President Barack Obama has set an ambitious deadline of October to achieve comprehensive healthcare reform, traveling to-and-fro across the nation to warn civilians and lawmakers alike that the current healthcare system could bankrupt the nation.
During a speech to the American Medical Association (AMA) in Chicago June 15, Obama told physicians that “healthcare reform is the single most important thing we can do for America’s long-term fiscal health. That is a fact.” Indeed, during a June 11 town hall meeting on healthcare, Obama said that the single biggest problem the U.S. has “in terms of the debt and deficit is healthcare–it’s Medicare and Medicaid.” Medicare and Medicaid costs, he said, are going up “much, much faster than inflation.” Medicare and Medicaid “are the real nightmare scenarios.”
But reforming the healthcare system won’t come cheap. The Administration proposes to pay for the full cost of health reform–which is estimated at $1.2 trillion to $1.5 trillion over 10 years–by reducing Medicare and Medicaid spending and raising revenue. Published reports say that Obama wants to cut federal payments to hospitals by about $200 billion and cut $313 billion from Medicare and Medicaid over 10 years. He also is proposing a $635 billion “down payment” in tax increases and spending cuts in the healthcare system.

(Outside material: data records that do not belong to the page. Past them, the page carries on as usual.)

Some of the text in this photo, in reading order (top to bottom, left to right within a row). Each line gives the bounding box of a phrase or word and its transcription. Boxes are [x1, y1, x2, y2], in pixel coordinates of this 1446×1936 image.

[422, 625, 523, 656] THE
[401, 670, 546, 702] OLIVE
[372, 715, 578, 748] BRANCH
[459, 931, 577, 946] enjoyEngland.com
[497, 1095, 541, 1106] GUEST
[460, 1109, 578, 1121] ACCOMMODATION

Obama’s plan would offer a public health insurance option, a health insurance exchange, would allow individuals to keep their current coverage, and promote best practices to improve health quality. Obama is advocating preventative and disease management through healthy living as well as the continued expansion of electronic health records. As Obama stated during his speech to the AMA “…No matter how we reform healthcare, we will keep this promise: If you like your doctor, you will be able to keep your doctor. Period. If you like your health care plan, you will be able to keep your health care plan. Period. No one will take it away. No matter what.”
The “Affordable Health Choices Act,” introduced June 9 by Senator Ted Kennedy (D-Massachusetts), chairman of the Health, Education, Labor and Pensions (HELP) Committee, would allow individuals to keep their current coverage, as in Obama’s plan. Earlier this year, Kennedy and Senator Max Baucus (D-Montana), chairman of the Senate Finance Committee, which shares jurisdiction of healthcare reform with HELP, established a joint process that will lead to complementary legislation being marked up in June and on the Senate floor by July, according to a statement from the HELP committee.
While the Obama plan is trying not to disrupt people’s current coverage, it does require “people to purchase coverage and [puts] some kind of obligation on the part of the employer to pay for coverage,” notes Joel Michaels, partner-in-charge of the Health Law Department in McDermott Will & Emery LLP’s Washington, D.C., office. “The trickier challenges will be how to subsidize those that can’t afford coverage and what other kinds of exceptions there would be for the employer community as far as what their obligations are.”
The other controversial aspect of the plan is taxation, Michaels says. “Again, how do you pay for it?” One way would be to tax employee benefits once they exceeded a certain premium level, he explains. “There is a lot of debate and controversy over the taxing of employee benefits and what that would do and who it would impact.” The other controversial aspect of the Obama plan is the “public plan benefit option; there are a number of folks who think this is the next step to a single payer system,” he says. “From the private insurance perspective, there’s a concern that it will disrupt what they would want to have as a level playing field, particularly if the government sets the provider reimbursement levels that are problematic to the rest of the industry. Those two pieces–the taxing of the benefits and the public plan option–will require a lot of debate and discussion.”